▸ What you will do
Your output should be the line that contains "this 1280×1709 image." and all lines after it in the records, retyped exactly through the last one.

═════ Dataset ═════

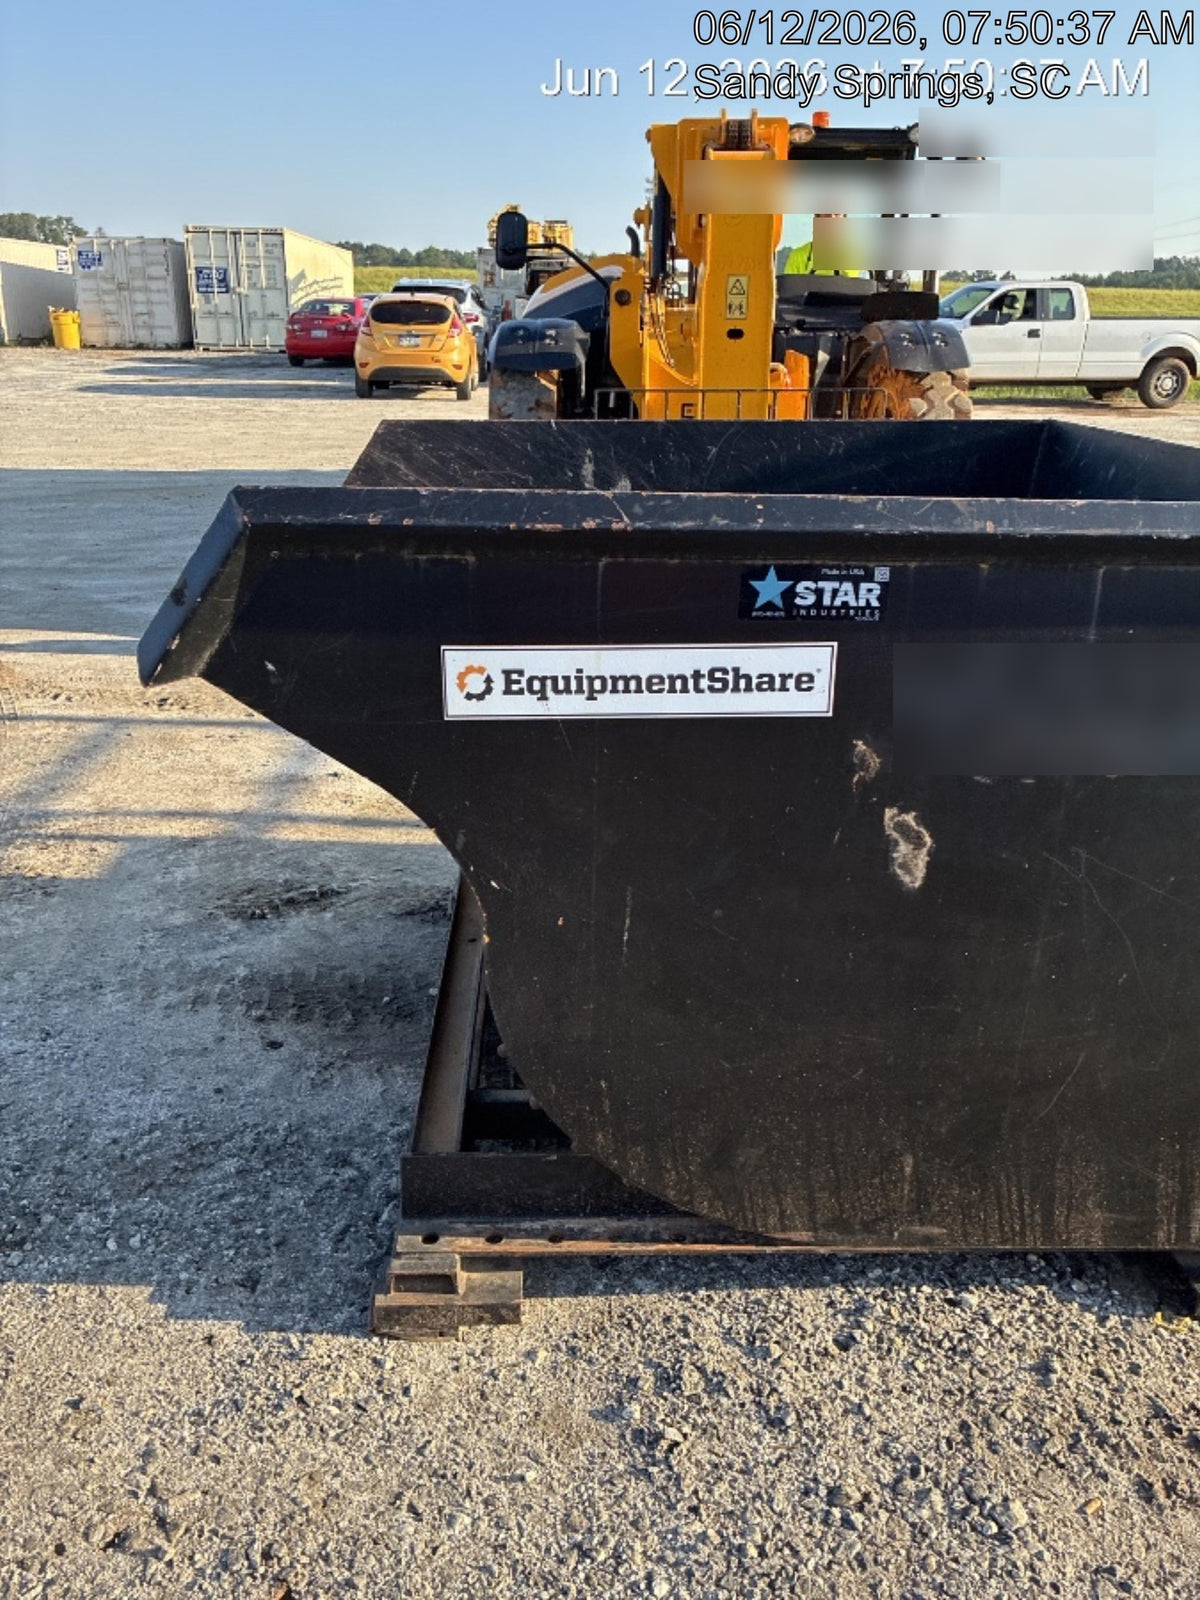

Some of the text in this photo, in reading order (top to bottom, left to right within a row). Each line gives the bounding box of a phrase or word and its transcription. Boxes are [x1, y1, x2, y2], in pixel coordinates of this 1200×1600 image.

[794, 580, 881, 608] STAR
[792, 608, 880, 617] INDUSTRIES
[501, 667, 815, 702] EquipmentShare
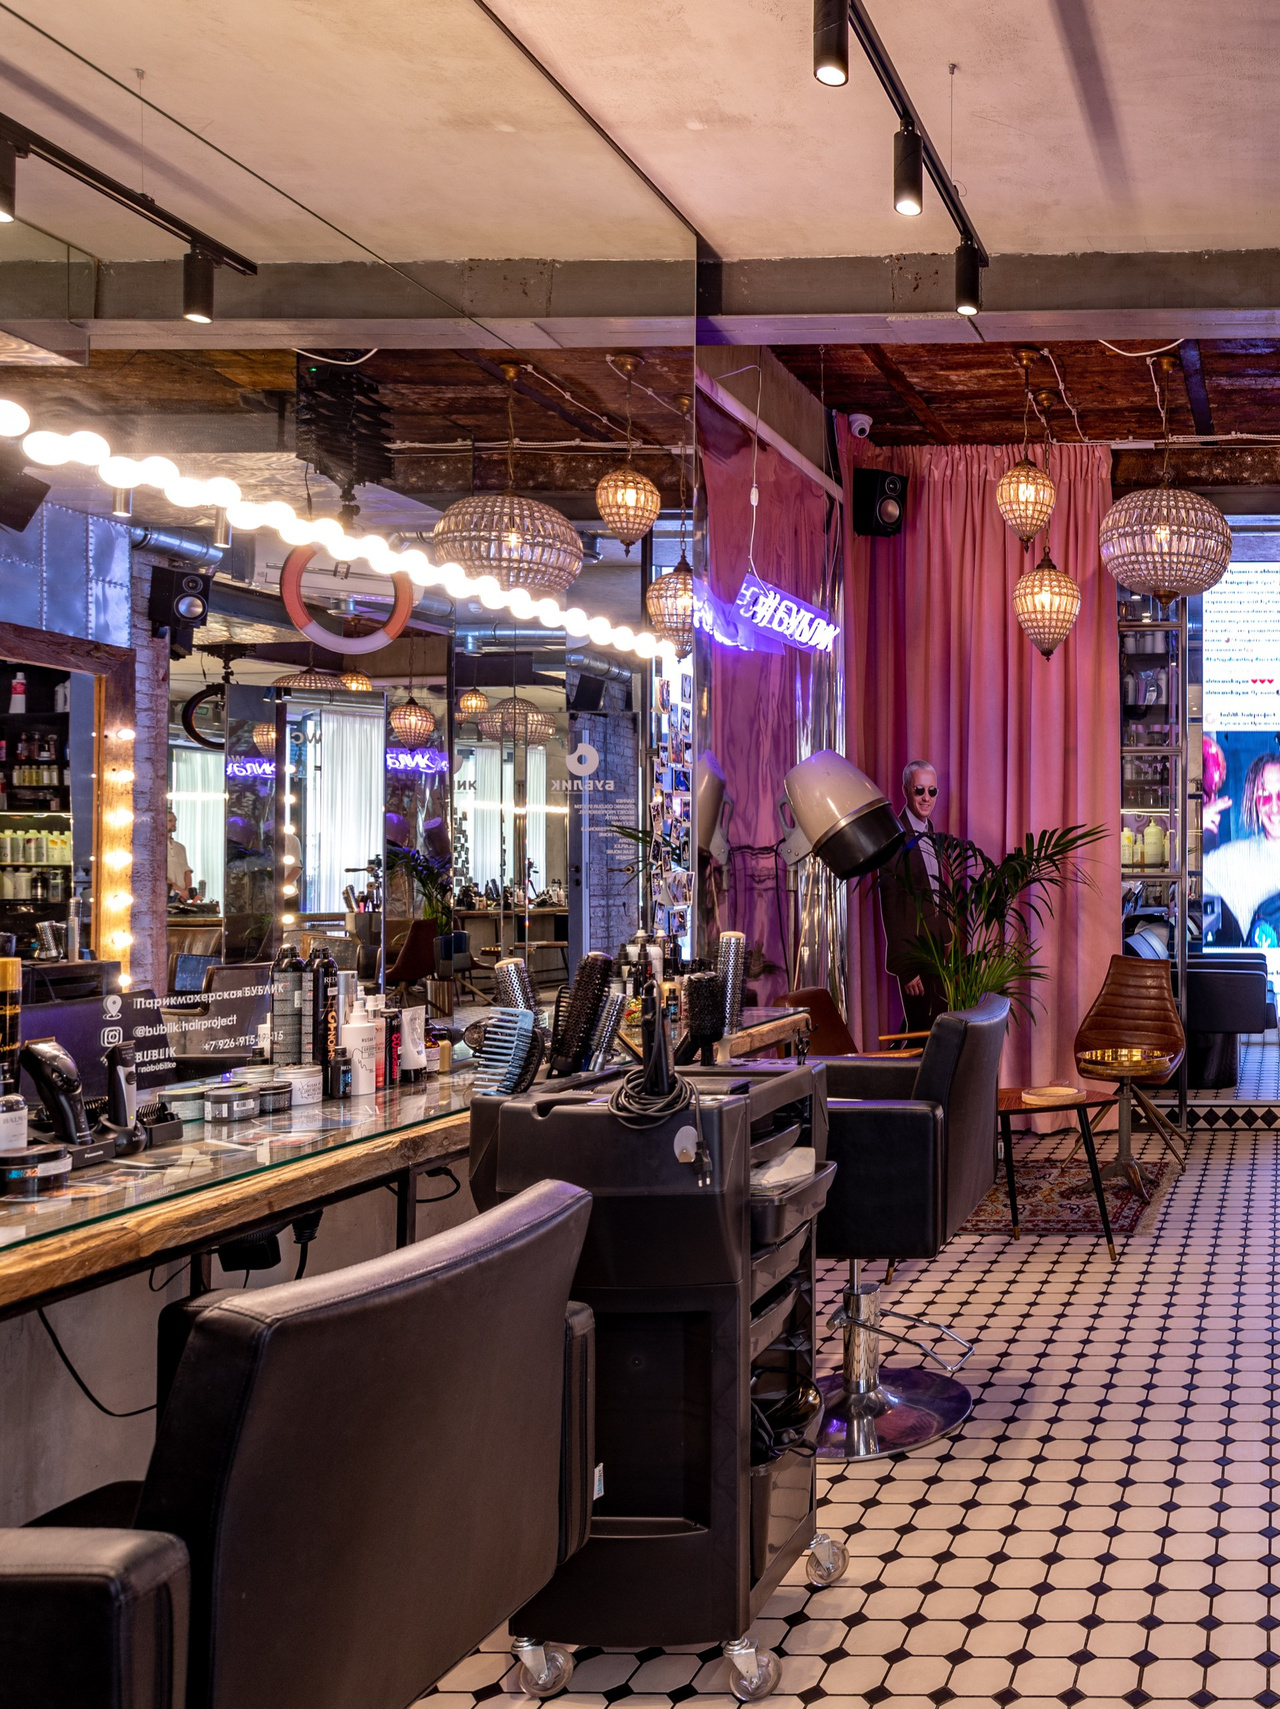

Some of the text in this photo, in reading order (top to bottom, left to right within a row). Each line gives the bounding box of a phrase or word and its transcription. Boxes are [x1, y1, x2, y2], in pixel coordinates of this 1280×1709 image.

[133, 983, 284, 1010] Парикмахерская БУБЛИК
[135, 1046, 177, 1063] BUBLIK

═════

▸ Exercise response
Some of the text in this photo, in reading order (top to bottom, left to right within a row). Each line gives the bounding box of a phrase or word and its transcription. Boxes are [x1, y1, x2, y2], in pixel coordinates of this 1280×1709 image.

[133, 983, 284, 1010] Парикмахерская БУБЛИК
[135, 1046, 177, 1063] BUBLIK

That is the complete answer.